The primary statutory framework for addressing these risks is the Resilient Florida Program, created by Senate Bill 1954, signed on May 12, 2021, and administered by the Florida Department of Environmental Protection (DEP). The program established the requirement, codified at Section 380.093(5) of the Florida Statutes, for DEP to submit an annual Statewide Flooding and Sea Level Rise Resilience Plan to the Governor and Legislature, and to distribute grant funding to counties and municipalities with documented vulnerabilities. Alongside engineered defenses, Florida's natural coastal systems — including the only living coral barrier reef in the continental United States and extensive mangrove forests — function as integral components of the state's resilience posture.
Sea Level Rise Context
Sea level rise in Florida is not a uniform phenomenon. The Florida State Climate Center at Florida State University documents relative sea level trends from tide gauges around the entire Florida coast, noting that local risk is shaped by the interaction of rising seas with astronomical tides, storm surges, and ocean waves. In the Miami area, sea levels rose 6 inches over the 31-year period from 1985 to 2016; U.S. Army Corps of Engineers high-scenario projections call for a further 6 inches in roughly half that timeframe, according to the Florida State Climate Center. This acceleration is already degrading gravity-flow drainage infrastructure and intensifying saltwater intrusion into coastal aquifers.
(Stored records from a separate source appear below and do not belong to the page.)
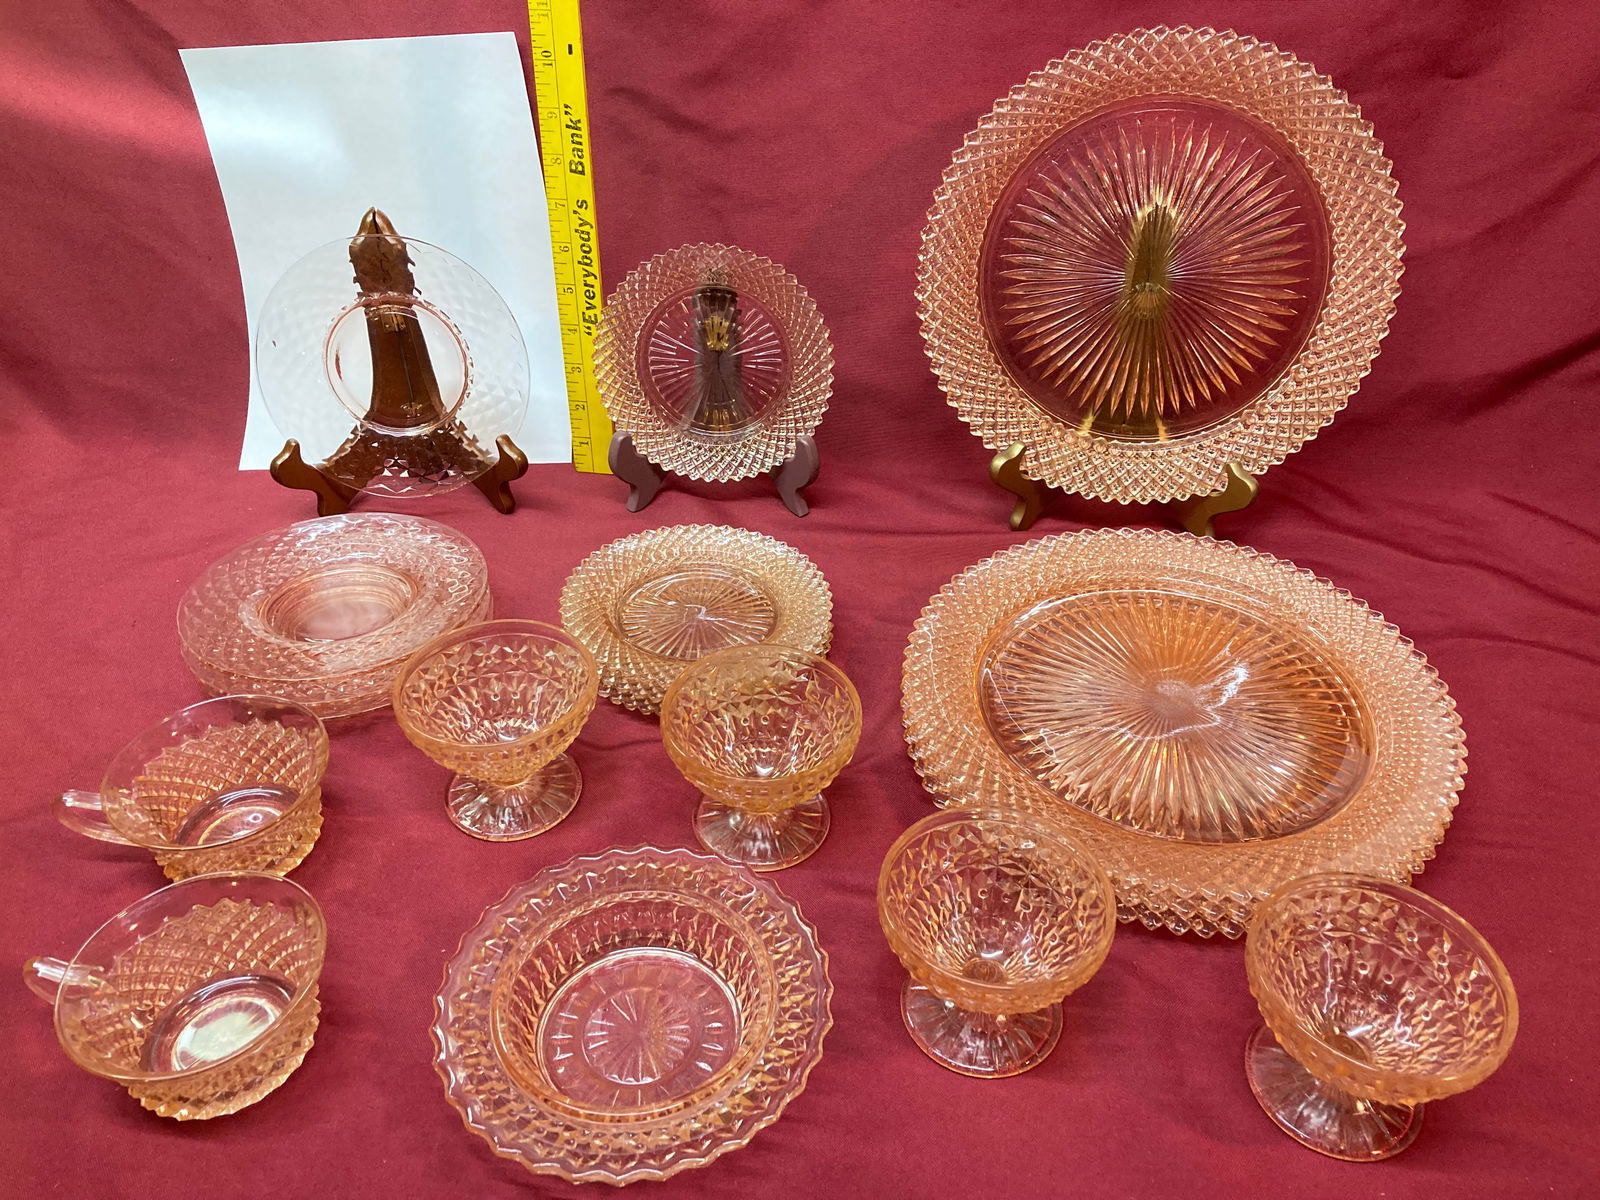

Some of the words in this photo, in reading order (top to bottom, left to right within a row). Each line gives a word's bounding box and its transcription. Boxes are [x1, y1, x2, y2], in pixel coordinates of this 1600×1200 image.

[540, 50, 554, 68] 10
[546, 111, 558, 119] 9
[550, 157, 562, 165] 8
[554, 201, 566, 209] 7
[559, 245, 570, 253] 6
[563, 286, 574, 294] 5
[571, 366, 582, 374] 3
[574, 403, 586, 411] 2
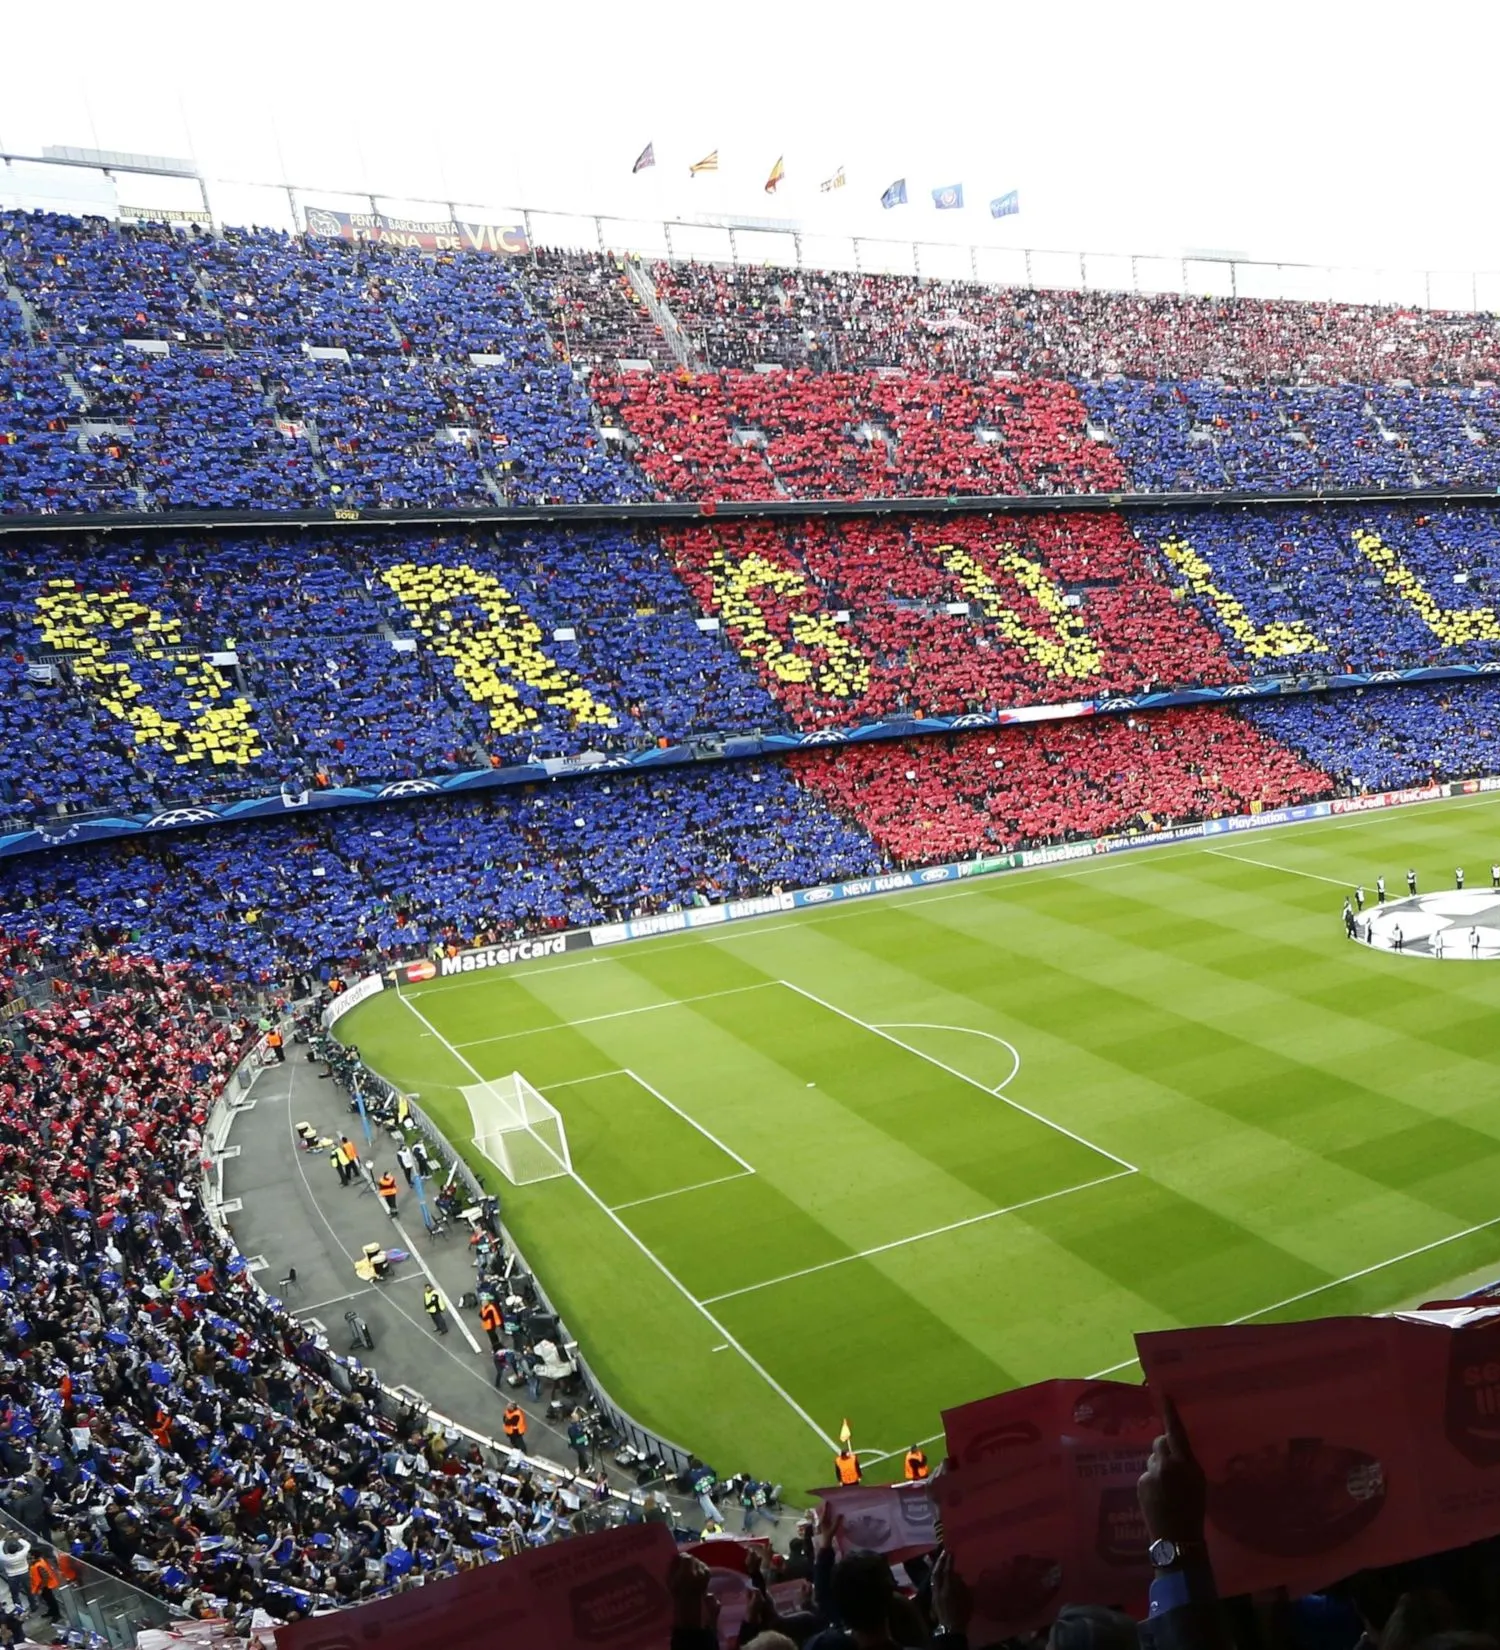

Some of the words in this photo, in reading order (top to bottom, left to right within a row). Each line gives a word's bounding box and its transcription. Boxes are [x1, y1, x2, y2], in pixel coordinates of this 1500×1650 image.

[350, 214, 383, 229] PENYA
[388, 218, 458, 235] BARCELONISTA
[435, 236, 461, 250] DE
[463, 223, 520, 251] VIC
[1228, 810, 1288, 831] PlayStation
[1022, 846, 1094, 867] Heineken
[842, 883, 872, 897] NEW
[875, 875, 914, 891] KUGA
[441, 936, 567, 976] MasterCard
At the national scale, NOAA's Office for Coastal Management recorded 2023 global average sea level at a new high of 101.4 millimeters (3.99 inches) above 1993 levels. NOAA data also documents that high tide flooding along the Gulf Coast increased by more than 1,100 percent compared to the year 2000 baseline, with projections calling for 45 to 85 days per year of tidal flooding events by 2050. These trajectories directly shape the planning assumptions underlying Florida's annual resilience plan cycle and the cost calculations for shoreline management programs statewide.
Resilient Florida Program and State Planning Framework
Senate Bill 1954, signed on May 12, 2021, established the Resilient Florida Program within DEP, which the department describes as the largest investment in Florida's history to prepare communities for sea level rise, intensified storms, and flooding. The program administers grants to counties, municipalities, and special districts, with a general 50 percent cost-share requirement under Section 380.093(5)(c), F.S., reduced for communities that meet eligibility criteria for lower cost-share thresholds.
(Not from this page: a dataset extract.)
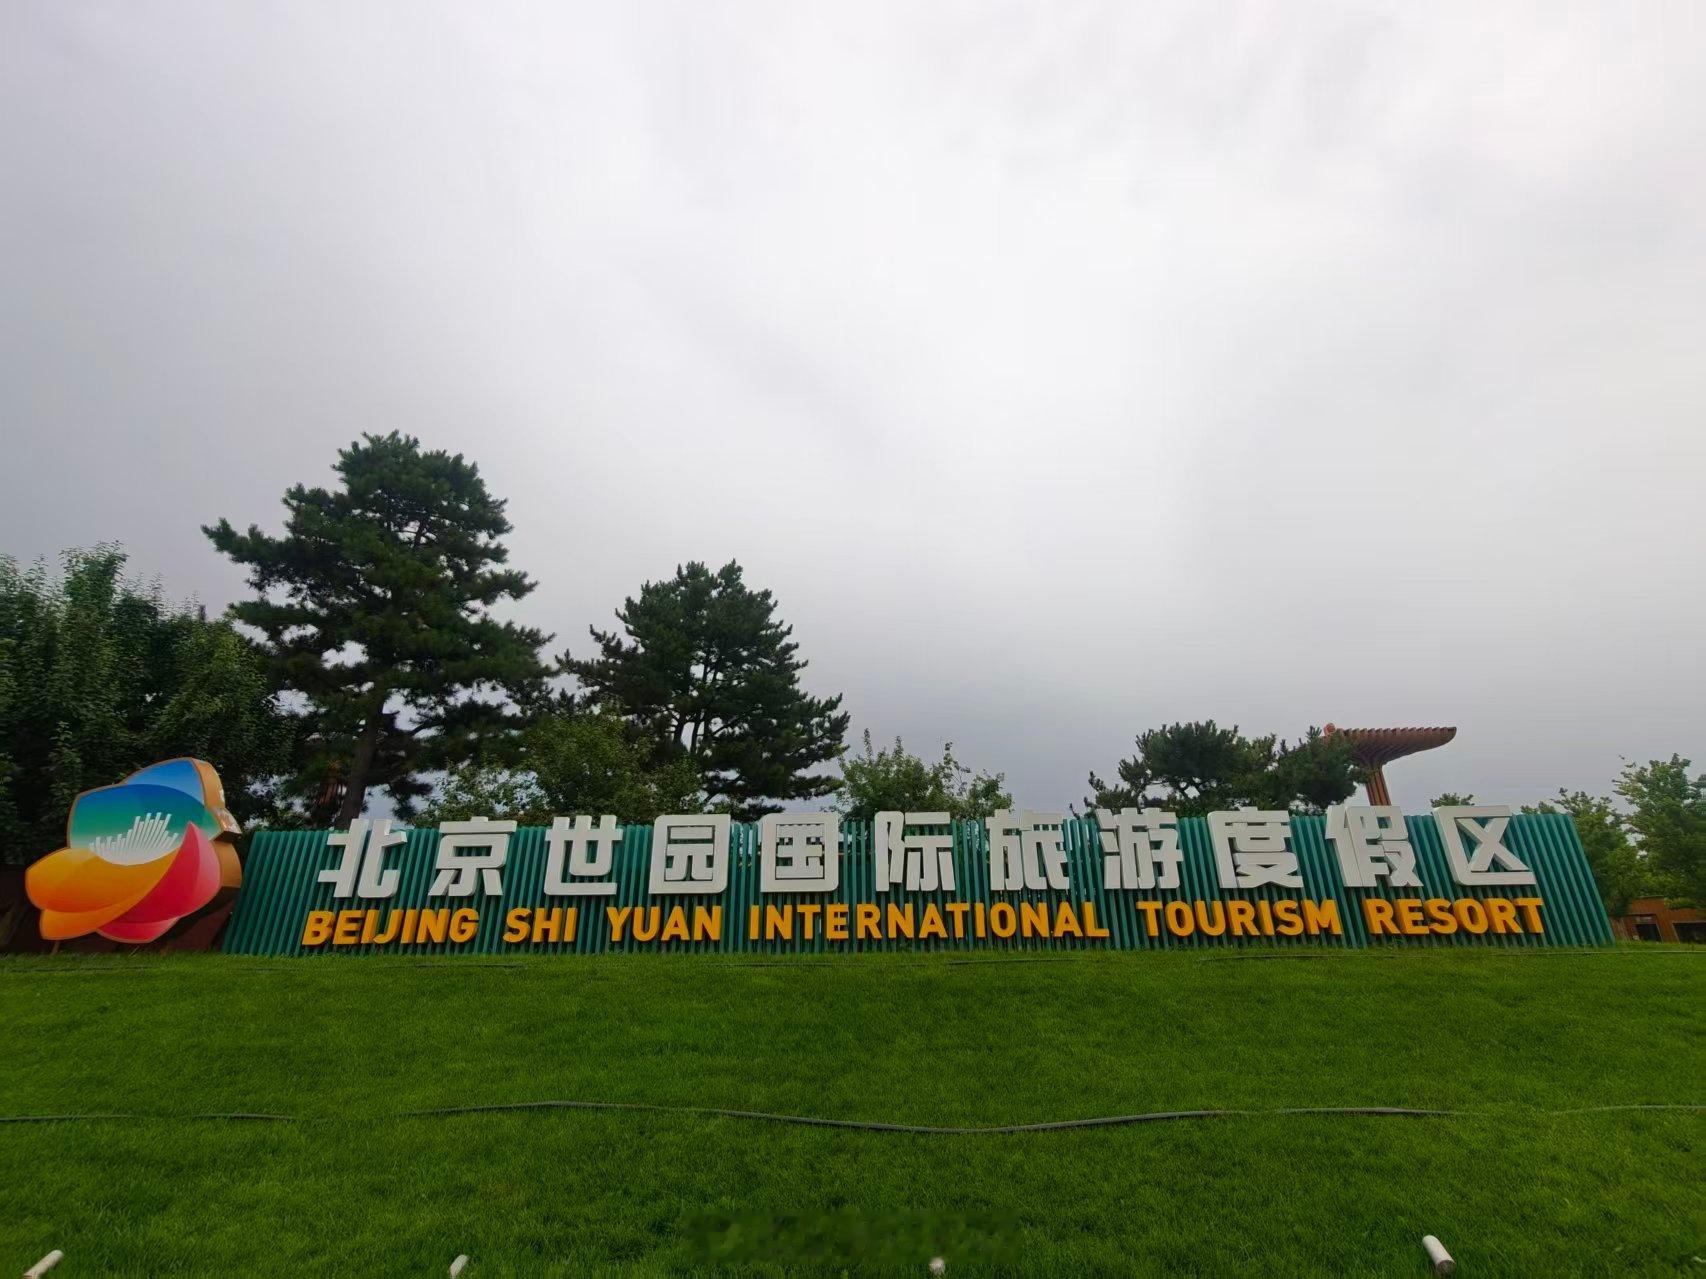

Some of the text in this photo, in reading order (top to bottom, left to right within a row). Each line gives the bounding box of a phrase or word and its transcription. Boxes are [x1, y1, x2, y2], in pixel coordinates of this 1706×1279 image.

DEP's annual Statewide Flooding and Sea Level Rise Resilience Plan documents awarded projects by county and funding amount. The FY2024–2025 plan includes the Monroe County Sands Neighborhood Roads and Stormwater Improvements at $12,225,289; the Village of Bal Harbour Harbourfront Park Shoreline Resilience project at $8,000,000; and the City of Briny Breezes Coastal Resilience and Stormwater Improvements at $7,222,359, among dozens of funded projects statewide. The South Florida Water Management District (SFWMD) participates in the annual plan cycle under F.S. 380.093(5), submitting priority project lists and hosting public input workshops; the district held its first 2025 Plan update workshop on February 21, 2025, focused on Lower East Coast counties.
The 2025 legislative session introduced Senate Bill 1580, which proposed expanding the state's public-private partnership framework under Section 255.065, F.S., to include coastal resiliency projects and creating a new Section 380.0934, F.S. The bill defined a 'coastal resiliency project' as the planning, contracting, and execution of any project to address flooding and sea level rise in a coastal or inland community pursuant to the Statewide Plan, establishing a mechanism for private-sector investment alongside the state grant structure.
Shoreline Infrastructure: Beach Renourishment and Erosion Management
Beach renourishment — the placement of dredged offshore sand onto eroded shorelines — is the primary engineered tool for shoreline protection in Florida. DEP surveys of Florida's 825 miles of sandy beaches have found that more than half are classified as critically eroded, a designation that makes those segments eligible for state and federal renourishment programs, as reported by Tampa Bay 28 and corroborated by Florida Phoenix in May 2024. The Army Corps of Engineers Jacksonville District holds primary federal responsibility for renourishment projects along the Atlantic coast and for sea level rise study coordination.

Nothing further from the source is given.